Hello! I would like some stocking ideas for my new 29g tank. I currently have 2 male guppies and 2 male endlers who get along great and will probably add more. I plan on getting a zebra pleco in a month or two after i let my aquarium establish. I live in an area with hard water and my pH right now is between 7.6-7.8, however im trying to lower it a little more. What would be some good tank buddies to add in with my guppies? I would maybe like some variety, i was debating adding a couple mollies but i read that you have to keep males and females so they arent aggressive, but i dont want any fry! My tank is only a few days old, so how long should i wait to add fish as well?
Thanks all!


----------



## hubbywubbybubby (Jul 17, 2021)

Also on a side note… is it worth keeping live plants in your tank? I know they are very beneficial but i dont exactly know how to take care of them. Will i be okay sticking with the artificial?


----------



## Merman81 (Jun 10, 2021)

Hi, tank looks good. Get yourself a test kit and check it daily to see when your tank cycles. Also get some seachem prime and stability. It helped me cycle my tank pretty fast. Your best off using pure ammonia to cycle it instead of a fish in cycle. I have a 20gallob tank with ember tetras, cardinal tetras, pigmy corys , cherry shrimp and a honey gourami as a centerpiece. It’s a very mellow and peaceful setup. Live plants are definitely the way to go your fish will thank you. You can get some that don’t require a lot of work like Java ferns or Java moss, wisteria temple plant. They will definitely help maintain a healthy environment. I just use root tabs and add seachem fertilizer once a week and my tank looks pretty good. Enjoy!


----------



## MrTony1920 (Jul 15, 2021)

Nice tank. Just a ideal what about some snails and shrimps?


----------



## BettaLoverCharlie (Jul 20, 2021)

Merman81 said:


> Hi, tank looks good.

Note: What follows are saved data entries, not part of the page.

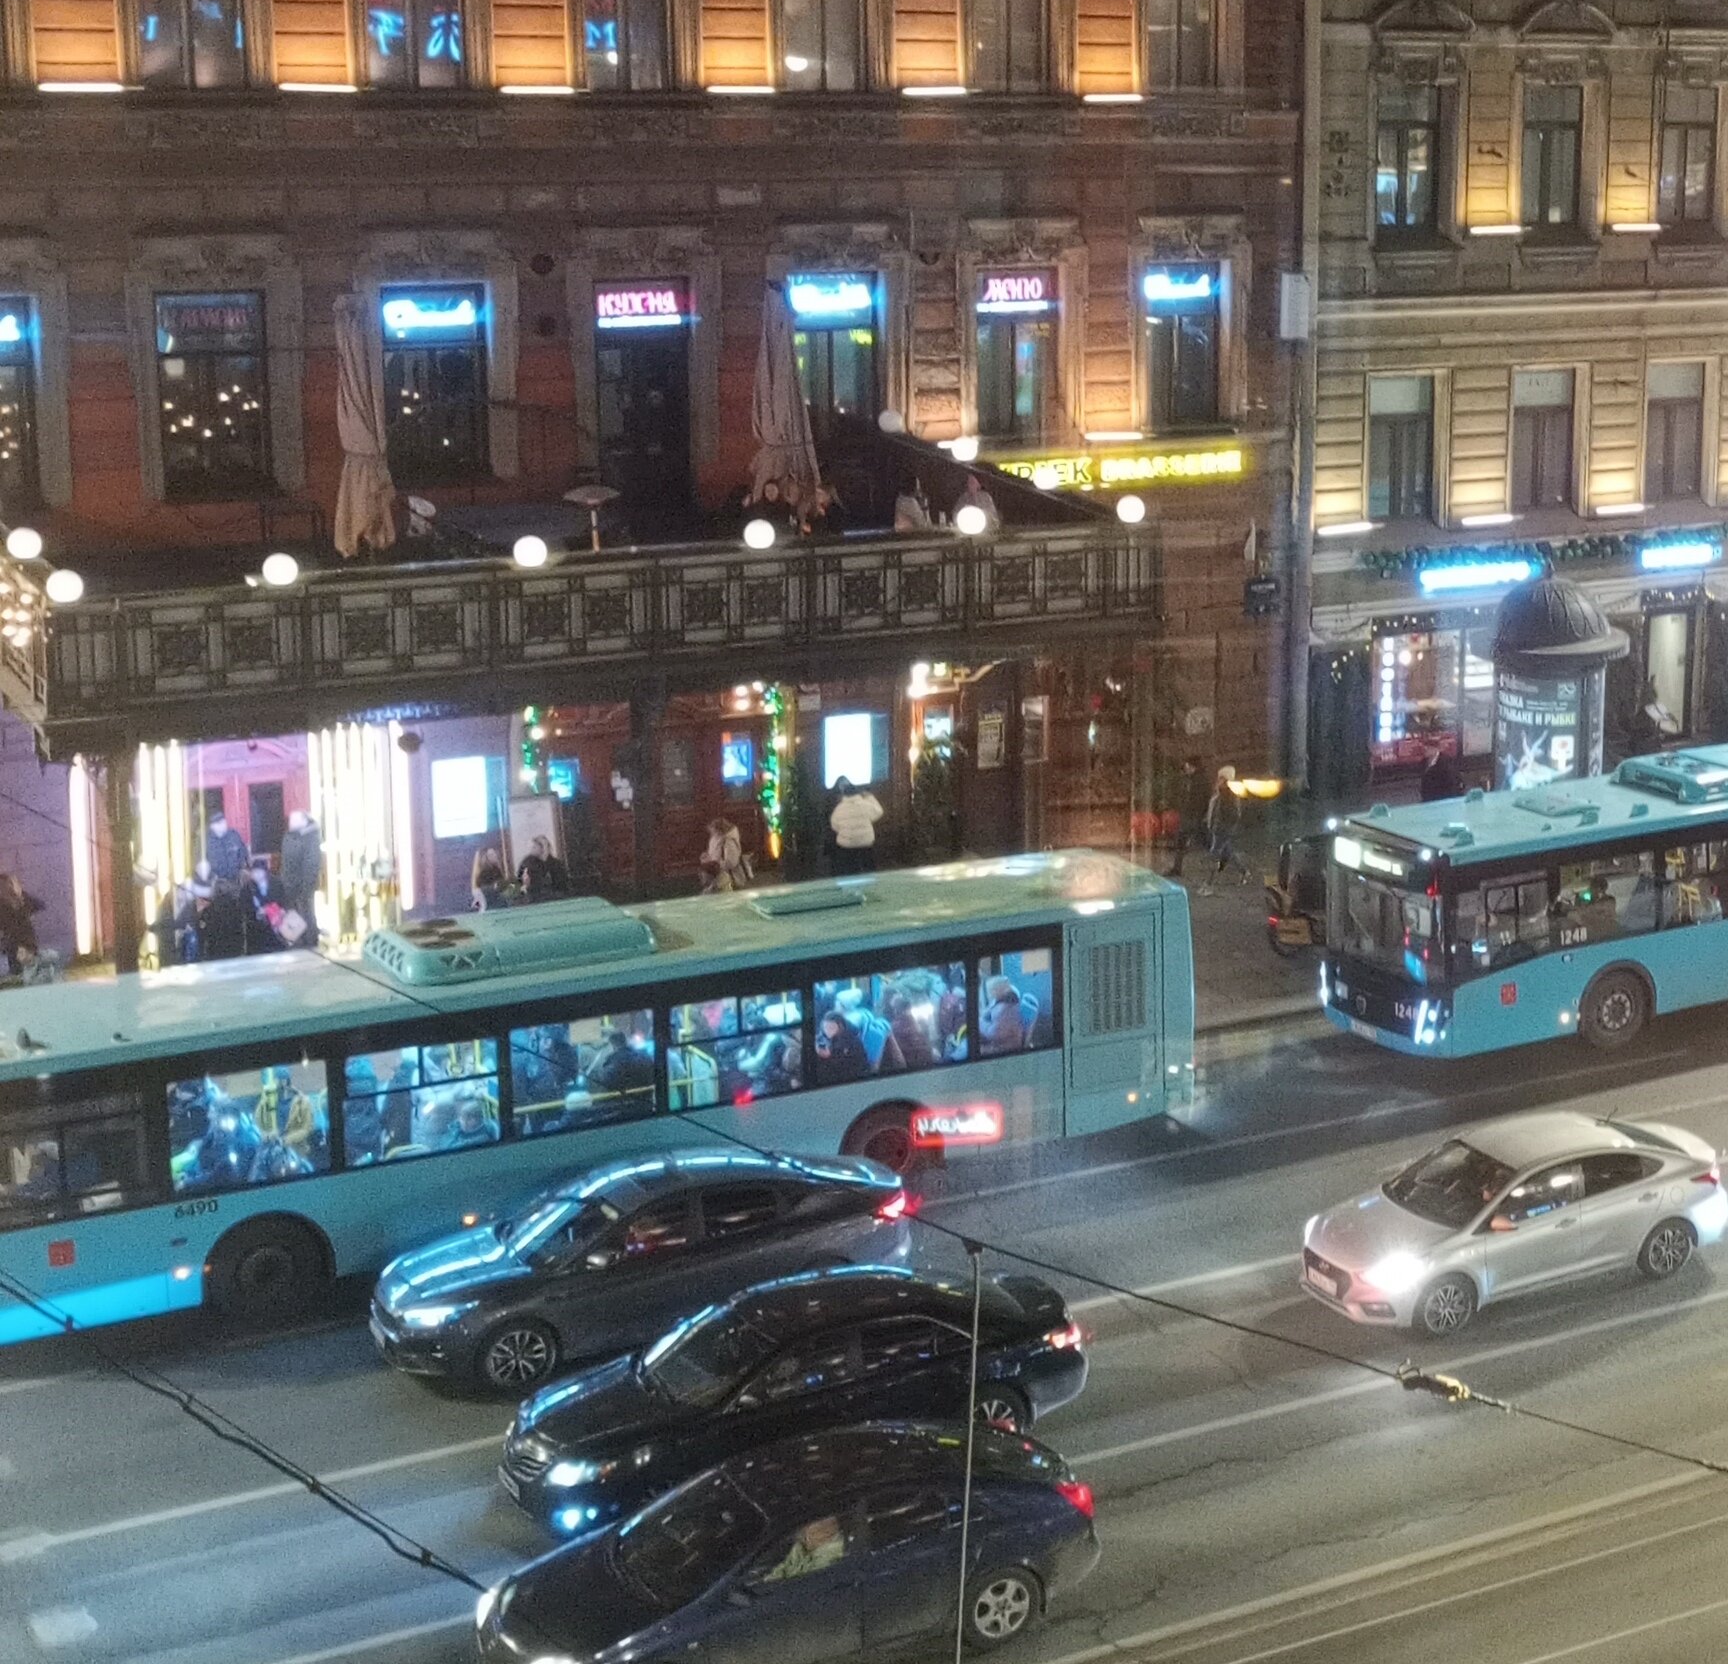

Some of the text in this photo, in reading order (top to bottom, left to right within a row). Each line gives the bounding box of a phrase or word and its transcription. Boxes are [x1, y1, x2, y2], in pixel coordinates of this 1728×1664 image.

[598, 290, 678, 316] КУХНЯ
[1100, 450, 1242, 482] BRASSERIE
[1544, 712, 1576, 727] РЫБКЕ
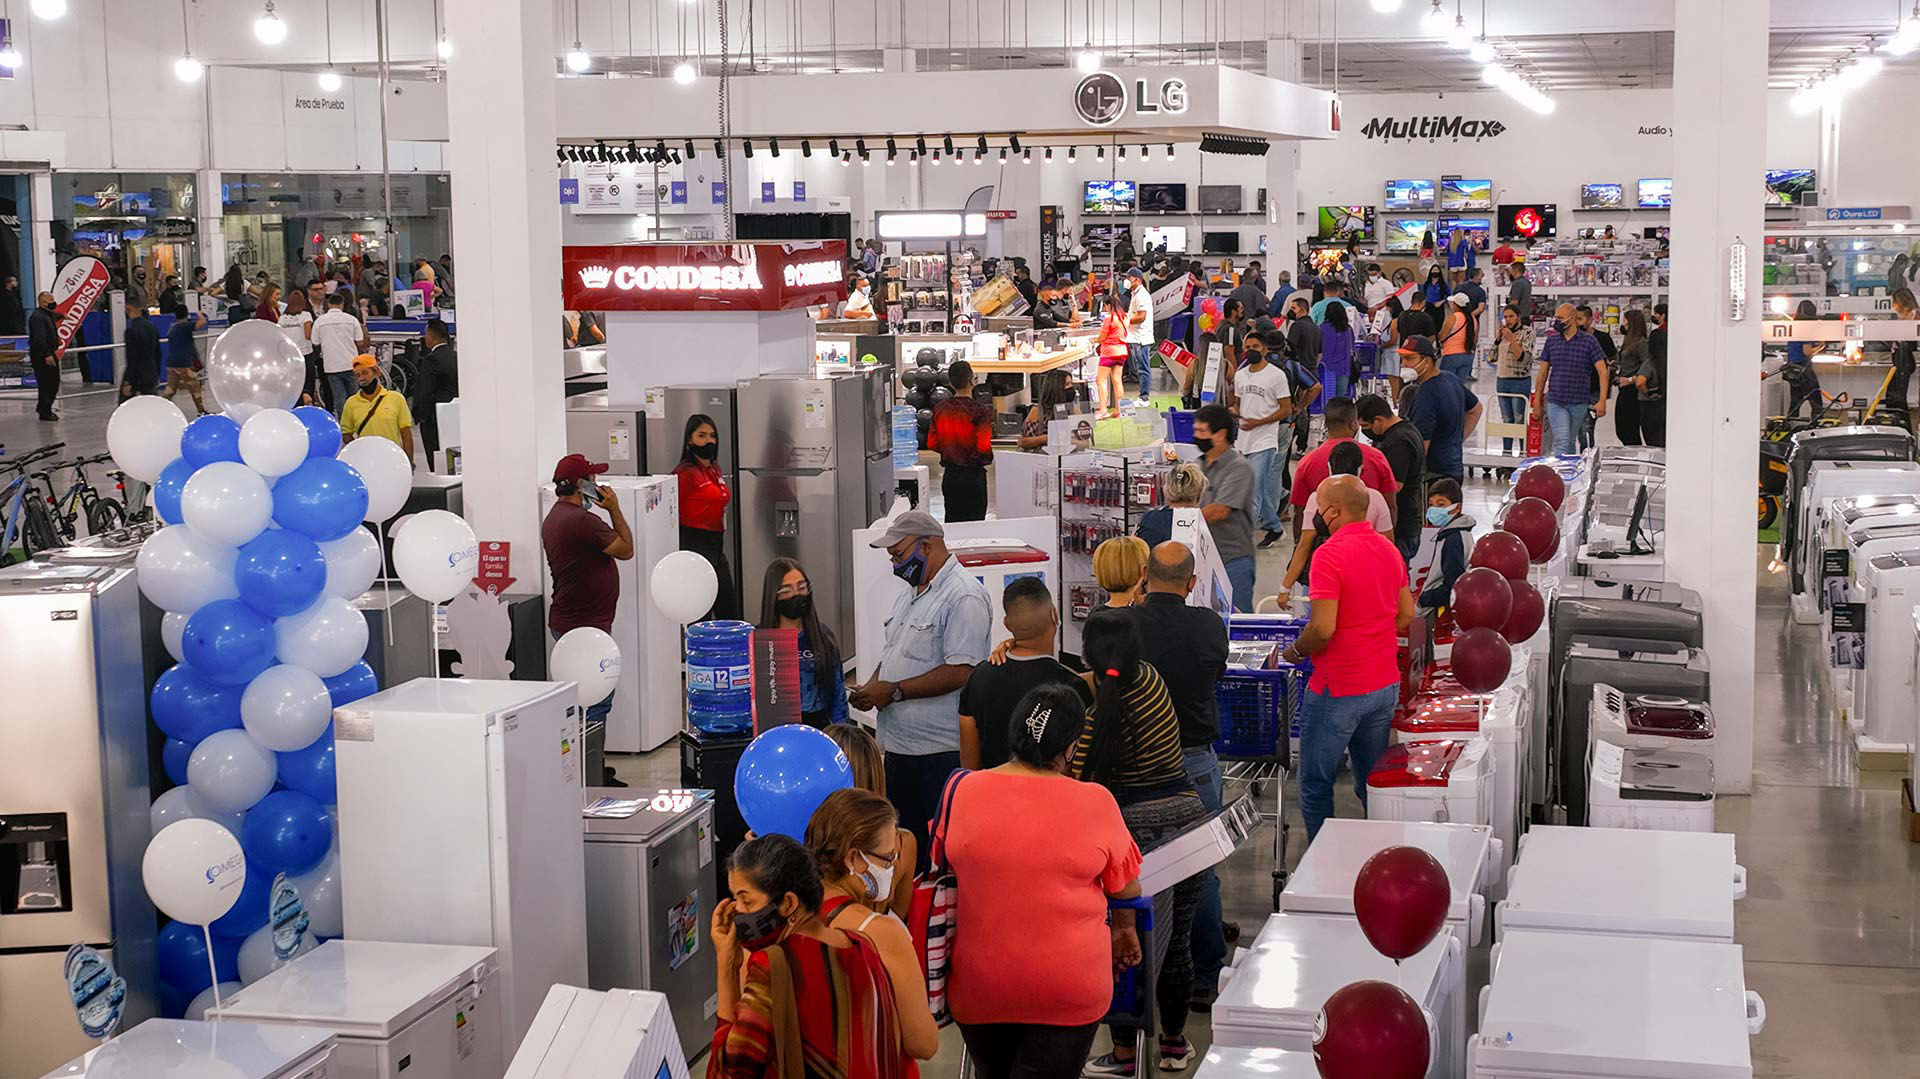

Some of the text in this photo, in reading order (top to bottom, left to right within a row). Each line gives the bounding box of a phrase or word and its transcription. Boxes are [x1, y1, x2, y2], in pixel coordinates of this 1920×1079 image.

[313, 98, 321, 109] de
[322, 98, 344, 110] Prueba
[1136, 79, 1186, 114] LG
[1368, 116, 1497, 139] MultiMax
[1638, 126, 1667, 136] Audio
[615, 265, 763, 291] CONDESA
[715, 670, 728, 683] 12
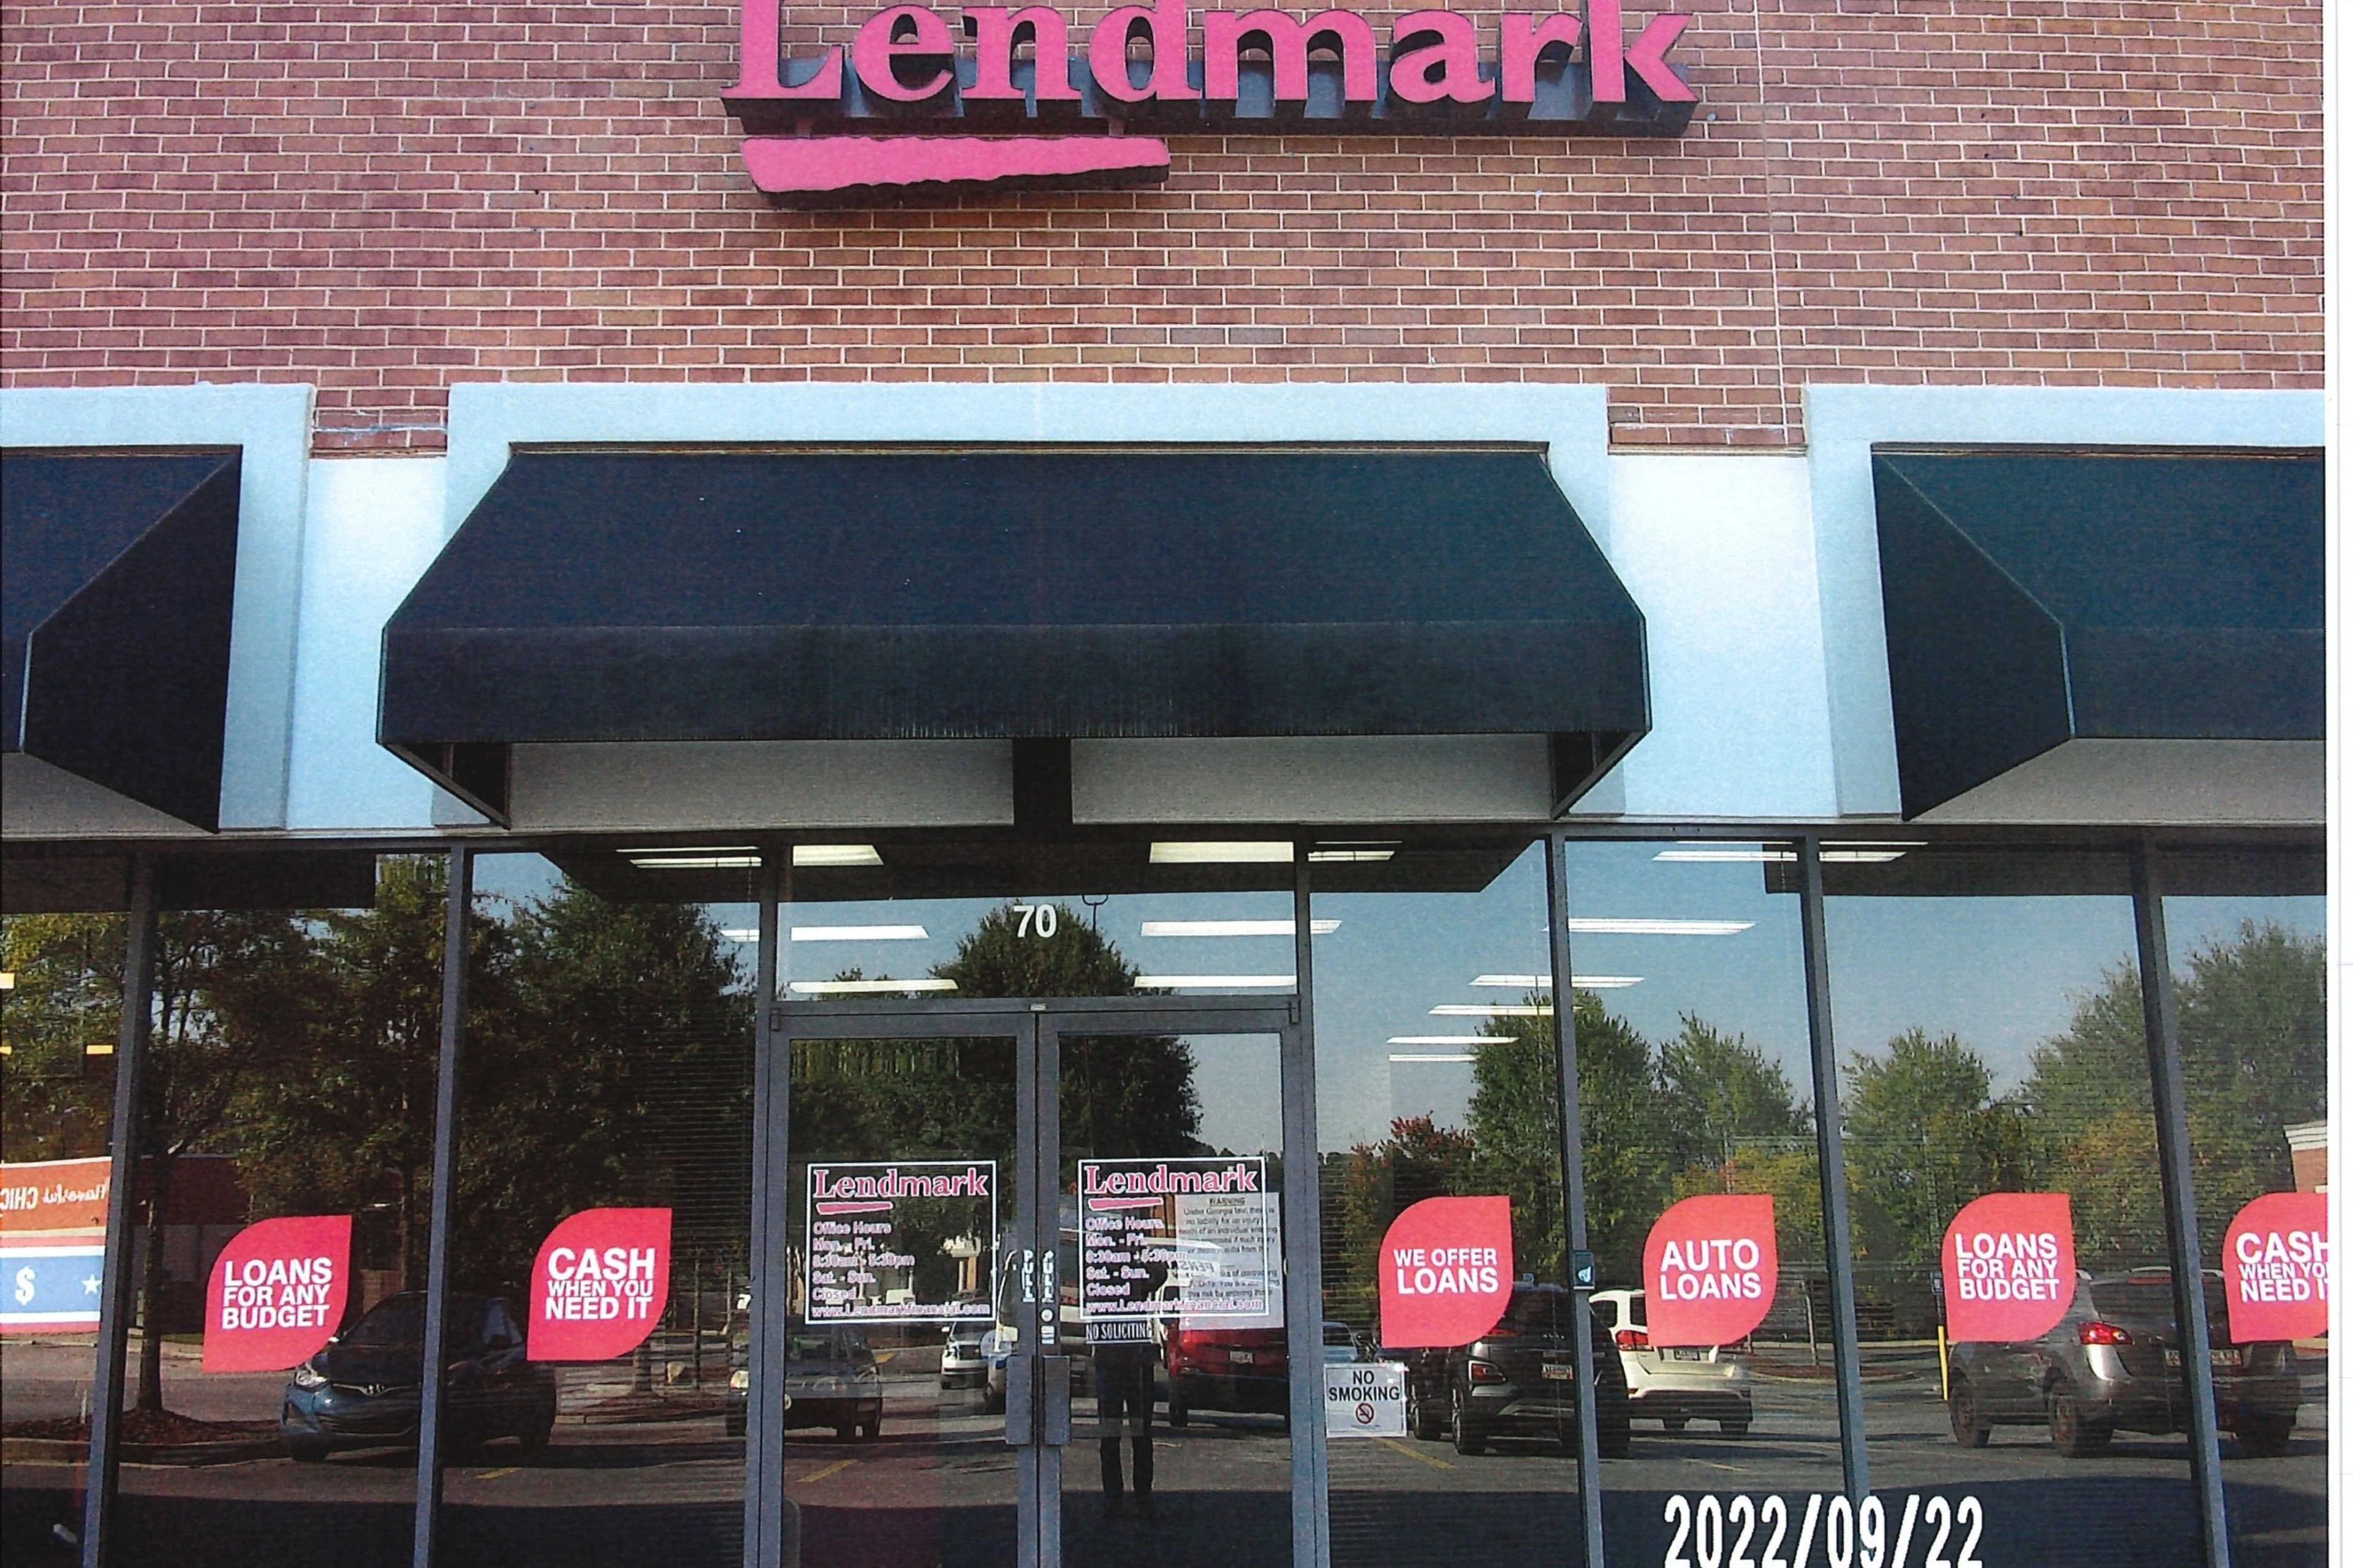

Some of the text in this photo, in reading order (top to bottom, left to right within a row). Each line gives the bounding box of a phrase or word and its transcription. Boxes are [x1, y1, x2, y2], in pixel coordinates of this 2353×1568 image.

[721, 0, 1699, 104] Lendmark
[1014, 904, 1057, 937] 70
[813, 1168, 988, 1198] Lendmark
[1084, 1164, 1257, 1194] Lendmark
[813, 1221, 892, 1234] Office Hours
[1085, 1216, 1163, 1230] Office Hours
[813, 1237, 843, 1251] Mon.
[854, 1237, 875, 1250] Fri.
[1086, 1233, 1116, 1246] Mon.
[1126, 1233, 1148, 1246] Fri.
[1955, 1233, 2058, 1259] LOANS
[2236, 1231, 2328, 1264] CASH
[548, 1248, 655, 1280] CASH
[868, 1254, 915, 1269] 5:30pm
[1086, 1249, 1131, 1263] 8:30am
[1141, 1249, 1186, 1264] 5:30pm
[1393, 1248, 1497, 1267] WE OFFER
[1660, 1239, 1760, 1271] AUTO
[224, 1257, 332, 1287] LOANS
[813, 1271, 837, 1284] Sat.
[847, 1270, 876, 1284] Sun.
[1023, 1249, 1034, 1298] PULL
[1086, 1266, 1110, 1280] Sat.
[1120, 1265, 1150, 1279] Sun.
[1958, 1258, 2058, 1279] FOR ANY
[2238, 1262, 2328, 1279] WHEN YO
[548, 1279, 654, 1297] WHEN YOU
[1086, 1282, 1130, 1296] Closed
[1397, 1267, 1499, 1294] LOANS
[1660, 1273, 1762, 1300] LOANS
[1959, 1279, 2059, 1300] BUDGET
[2240, 1278, 2328, 1302] NEED I
[223, 1283, 331, 1307] FOR ANY
[812, 1287, 857, 1300] Closed
[222, 1305, 330, 1329] BUDGET
[545, 1296, 653, 1319] NEED IT
[1086, 1322, 1152, 1340] NO SOLICITING
[1353, 1370, 1374, 1385] NO
[1328, 1386, 1400, 1401] SMOKING

Get yourself a test kit and check it daily to see when your tank cycles. Also get some seachem prime and stability. It helped me cycle my tank pretty fast. Your best off using pure ammonia to cycle it instead of a fish in cycle. I have a 20gallob tank with ember tetras, cardinal tetras, pigmy corys , cherry shrimp and a honey gourami as a centerpiece. It’s a very mellow and peaceful setup. Live plants are definitely the way to go your fish will thank you. You can get some that don’t require a lot of work like Java ferns or Java moss, wisteria temple plant. They will definitely help maintain a healthy environment. I just use root tabs and add seachem fertilizer once a week and my tank looks pretty good. Enjoy!
> View attachment 844508


Looking good!!!!


----------